Au troisième trimestre fiscal 2025 (clos le 31 octobre 2024), HashiCorp revendiquait 4856 clients. Armon Dadgar évoque 5000 clients dans son message publié le 27 février.
HashiCorp comptait 946 clients dont les dépenses récurrentes annuelles égalaient ou dépassaient 100 000 dollars.

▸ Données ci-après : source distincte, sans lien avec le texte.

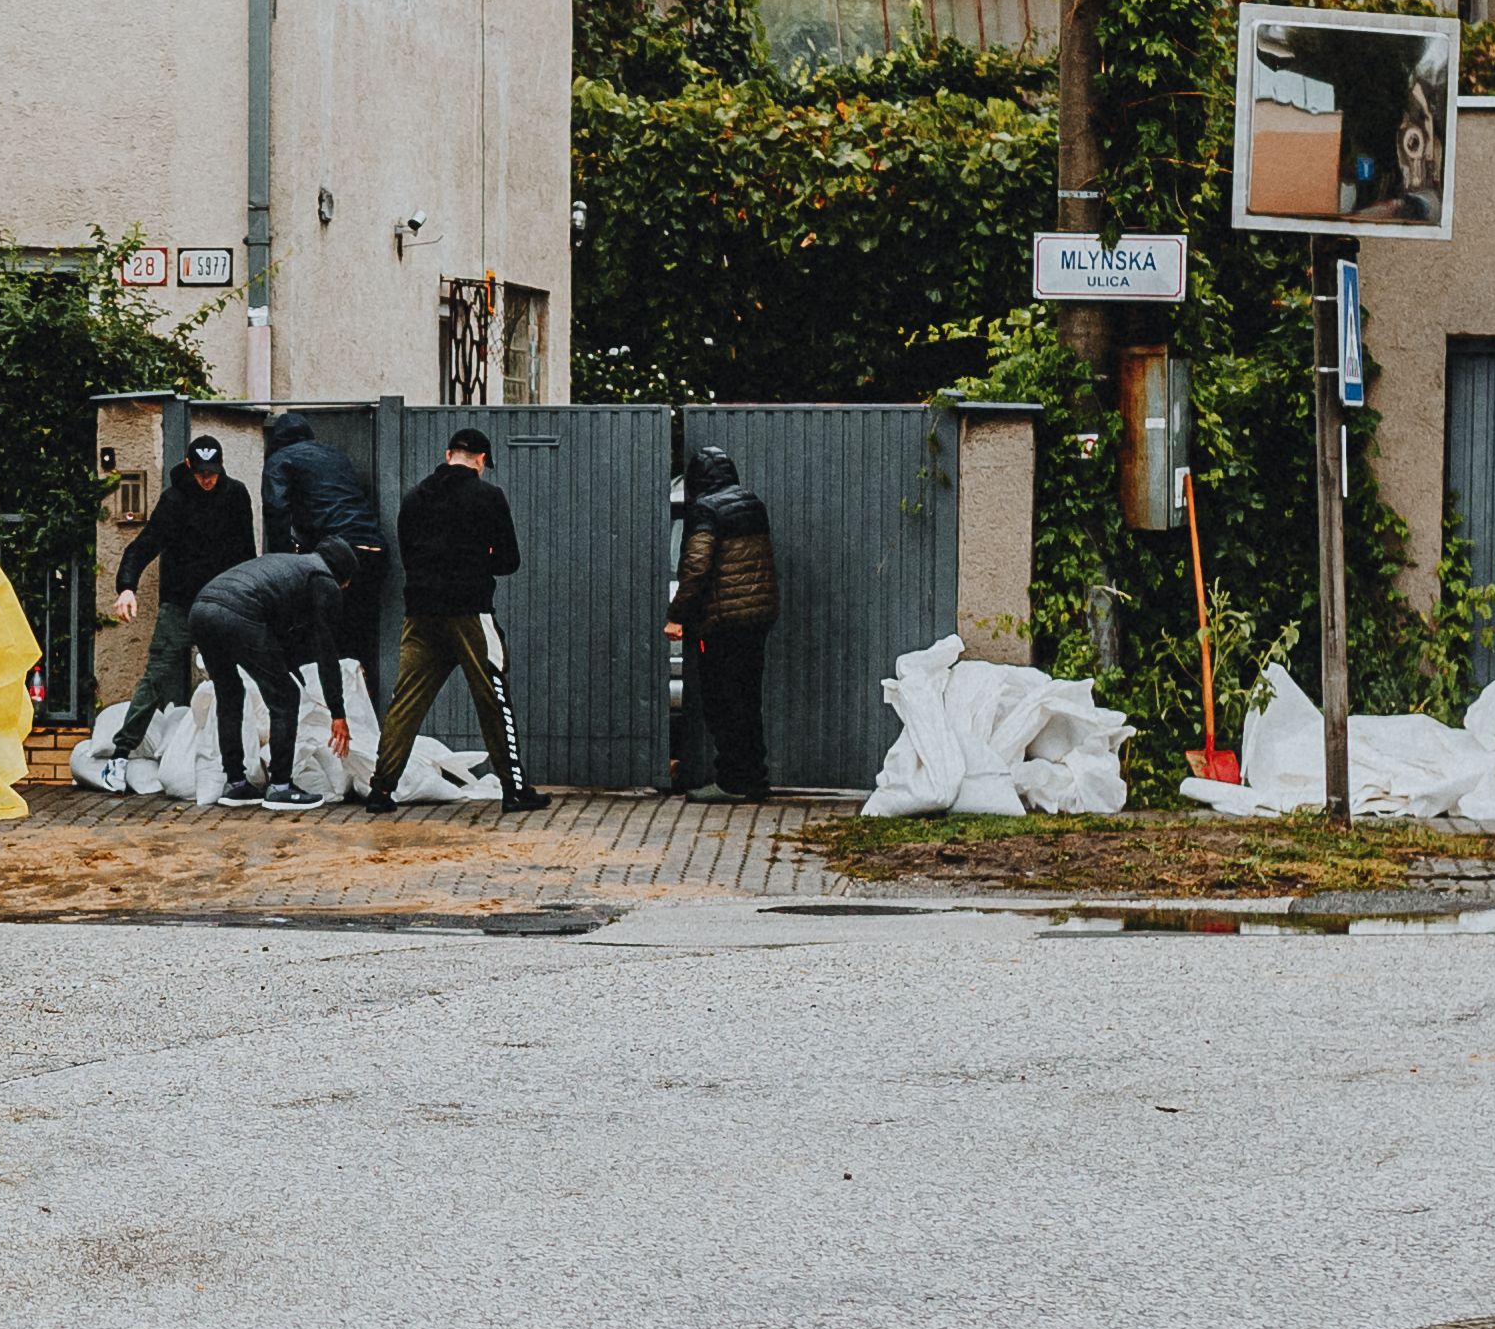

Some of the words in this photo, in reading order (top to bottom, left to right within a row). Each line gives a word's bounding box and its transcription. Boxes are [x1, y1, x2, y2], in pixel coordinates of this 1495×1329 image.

C’est ce noyau dur qui semble intéresser IBM. Il reste à voir quelle sera l’attitude de Big Blue envers les comptes plus petits.
De plus, la hausse tarifaire opérée par Broadcom sur les produits VMware a laissé un sentiment amer chez les décideurs IT.
« Il s’agit d’une opportunité majeure, mais le succès dépend de l’octroi de licences réfléchies et de l’attention portée aux clients et à la communauté », commente un architecte cloud et DevOps d’un grand groupe de télécommunication français, sur LinkedIn. « L’approche de VMware-Broadcom a provoqué des perturbations ; IBM doit choisir une meilleure voie ».
« Nous avons réussi à intégrer RedHat sans le “repeindre en bleu” pour ainsi dire (et surtout sans “faire comme Broadcom”), je pense donc que HashiCorp est entre de bonnes mains et que cette transaction sera excellente pour HashiCorp, pour la communauté et aussi pour IBM », répond Mark C., représentant de la marque IBM Automation en Australie et Nouvelle-Zélande, à une remarque similaire.
Officiellement, IBM n’a pour l’instant pas évoqué de modifications tarifaires ou de licences.